NASA’s New Horizons mission keeps astonishing us with new images and new revelations about the mysterious, demoted dwarf planet, Pluto.

The most recent discovery is this little gem: Pluto has hills and small mountains that literally float across its surface.  It’s weird and unearthly, but we’re dealing, after all, with a very alien world on the outskirts of the Solar System.

And things are bound to get even weirder.

The newly discovered hills are mostly small, typically a few kilometers across, and were discovered in the immense frozen ocean of the so-called “Sputnik Planum,” which represents the western lobe of the famous heart-shaped Tombaugh Regio, the most prominent feature on Pluto.

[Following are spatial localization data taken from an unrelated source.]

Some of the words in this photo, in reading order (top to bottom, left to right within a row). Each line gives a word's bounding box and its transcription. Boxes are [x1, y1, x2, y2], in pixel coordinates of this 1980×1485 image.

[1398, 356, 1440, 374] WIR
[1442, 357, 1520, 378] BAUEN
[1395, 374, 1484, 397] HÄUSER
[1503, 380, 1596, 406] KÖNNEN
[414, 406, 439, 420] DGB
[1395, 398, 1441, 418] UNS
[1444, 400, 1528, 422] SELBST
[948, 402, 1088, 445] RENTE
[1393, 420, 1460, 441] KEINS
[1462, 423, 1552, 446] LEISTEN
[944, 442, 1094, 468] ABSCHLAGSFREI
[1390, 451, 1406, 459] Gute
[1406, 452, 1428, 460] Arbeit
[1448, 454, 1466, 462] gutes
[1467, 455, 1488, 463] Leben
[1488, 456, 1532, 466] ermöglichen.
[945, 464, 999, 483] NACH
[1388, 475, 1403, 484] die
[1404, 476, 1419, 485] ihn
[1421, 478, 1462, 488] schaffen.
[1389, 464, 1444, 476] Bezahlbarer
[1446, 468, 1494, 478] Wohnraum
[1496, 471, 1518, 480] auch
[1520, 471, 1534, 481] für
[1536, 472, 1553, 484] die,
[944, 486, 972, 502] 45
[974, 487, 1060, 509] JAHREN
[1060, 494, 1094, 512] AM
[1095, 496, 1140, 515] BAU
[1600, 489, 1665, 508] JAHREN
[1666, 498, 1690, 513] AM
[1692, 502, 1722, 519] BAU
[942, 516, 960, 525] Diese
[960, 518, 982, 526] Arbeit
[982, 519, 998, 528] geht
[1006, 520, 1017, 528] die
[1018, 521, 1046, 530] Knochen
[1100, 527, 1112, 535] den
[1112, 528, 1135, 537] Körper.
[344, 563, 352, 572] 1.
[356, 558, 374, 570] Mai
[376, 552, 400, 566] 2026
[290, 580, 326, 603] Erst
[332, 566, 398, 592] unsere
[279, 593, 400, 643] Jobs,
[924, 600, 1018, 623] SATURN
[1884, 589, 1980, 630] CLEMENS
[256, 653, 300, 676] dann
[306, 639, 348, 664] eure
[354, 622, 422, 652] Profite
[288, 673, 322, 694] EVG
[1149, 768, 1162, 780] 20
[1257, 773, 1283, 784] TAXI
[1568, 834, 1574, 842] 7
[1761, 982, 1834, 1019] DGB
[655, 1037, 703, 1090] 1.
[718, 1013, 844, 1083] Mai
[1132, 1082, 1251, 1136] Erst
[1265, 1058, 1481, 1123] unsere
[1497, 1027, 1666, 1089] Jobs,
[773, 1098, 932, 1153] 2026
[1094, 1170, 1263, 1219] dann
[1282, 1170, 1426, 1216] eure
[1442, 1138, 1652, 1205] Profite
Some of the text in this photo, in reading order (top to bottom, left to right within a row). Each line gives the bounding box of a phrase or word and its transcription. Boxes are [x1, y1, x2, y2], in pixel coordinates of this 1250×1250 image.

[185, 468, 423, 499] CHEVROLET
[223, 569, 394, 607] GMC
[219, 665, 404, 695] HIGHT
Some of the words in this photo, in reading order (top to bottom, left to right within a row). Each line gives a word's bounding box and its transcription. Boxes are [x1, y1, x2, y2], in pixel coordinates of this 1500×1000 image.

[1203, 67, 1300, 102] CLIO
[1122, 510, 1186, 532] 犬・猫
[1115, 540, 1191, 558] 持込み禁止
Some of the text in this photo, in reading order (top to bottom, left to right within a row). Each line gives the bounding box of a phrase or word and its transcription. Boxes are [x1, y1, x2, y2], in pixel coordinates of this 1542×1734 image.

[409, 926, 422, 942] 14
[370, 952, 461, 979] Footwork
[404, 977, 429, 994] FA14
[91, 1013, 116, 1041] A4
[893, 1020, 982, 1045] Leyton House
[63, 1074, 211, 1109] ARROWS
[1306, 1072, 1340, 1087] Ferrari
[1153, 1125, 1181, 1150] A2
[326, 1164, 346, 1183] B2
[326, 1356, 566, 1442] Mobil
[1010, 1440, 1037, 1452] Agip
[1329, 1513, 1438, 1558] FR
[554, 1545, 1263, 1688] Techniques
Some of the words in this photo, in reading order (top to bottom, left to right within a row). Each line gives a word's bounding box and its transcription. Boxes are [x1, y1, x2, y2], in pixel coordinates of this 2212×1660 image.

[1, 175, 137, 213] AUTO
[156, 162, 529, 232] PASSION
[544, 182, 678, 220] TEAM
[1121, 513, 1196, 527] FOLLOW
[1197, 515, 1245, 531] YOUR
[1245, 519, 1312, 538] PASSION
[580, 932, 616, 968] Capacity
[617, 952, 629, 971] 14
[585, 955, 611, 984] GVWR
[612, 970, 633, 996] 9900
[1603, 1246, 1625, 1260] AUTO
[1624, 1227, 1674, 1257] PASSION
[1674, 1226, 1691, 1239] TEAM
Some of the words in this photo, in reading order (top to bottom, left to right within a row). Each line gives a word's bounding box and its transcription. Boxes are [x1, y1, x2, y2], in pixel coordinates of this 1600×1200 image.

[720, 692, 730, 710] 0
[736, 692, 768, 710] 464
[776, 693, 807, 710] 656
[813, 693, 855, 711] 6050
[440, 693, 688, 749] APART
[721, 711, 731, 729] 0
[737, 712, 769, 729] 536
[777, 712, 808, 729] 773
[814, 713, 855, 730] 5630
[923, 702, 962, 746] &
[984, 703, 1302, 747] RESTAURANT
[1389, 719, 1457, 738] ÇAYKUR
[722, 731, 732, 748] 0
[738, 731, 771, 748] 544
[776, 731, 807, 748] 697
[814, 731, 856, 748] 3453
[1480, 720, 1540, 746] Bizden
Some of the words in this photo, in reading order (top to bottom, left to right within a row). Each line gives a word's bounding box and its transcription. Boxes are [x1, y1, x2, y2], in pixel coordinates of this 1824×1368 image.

It seems these hills are composed of familiar water ice (so they really are icebergs, just like their terrestrial counterparts); since water ice is less dense than nitrogen ice, these hills are literally bobbing in a vast glacier or frozen ocean of nitrogen.

The ice-hills themselves appear to be fragments of the water-ice uplands that ring the smooth Sputnik Planum, and they have apparently broken off and been swept away by the nitrogen glaciers, just like any iceberg in Earth’s Arctic or Antarctic oceans.

Annotated New Horizons image of the "floating hills" in the Sputnik Planum. Credit: NASA/Johns Hopkins University Applied Physics Laboratory/Southwest Research Institute
The Cellular Terrain

Once afloat in the midst of Sputnik Planum, the ice-hills fall under the sway of the strange forces at work in the vast nitrogen ice glacier.  The so-called “cellular terrain” in the central regions of the glacier result from the slow, aeon-spanning convective forces of the nitrogen ice; the ice-hills are caught up in these convective cells, and pushed to their edges, forming small clusters or chains in some cases up to 20 kilometers (12 miles) long.

An unusually large concentration of these “icebergs” was found in a feature called Challenger Colles (“the Challenger hills,” named after the ill-fated Space Shuttle).  The feature (seen at the top of the image), with dimensions of 60 by 35 kilometers (37 by 22 miles), seems to represent a kind of “reef” or shallows where a large number of the ice-hills accumulated and “ran aground.”

The discovery of icebergs on Pluto seems to provide a familiar reference-point and link to the geology, hydrology, and other forces at work on Earth; but, once we look into things a little more closely, we understand just how truly alien this distant member of our Solar System really is.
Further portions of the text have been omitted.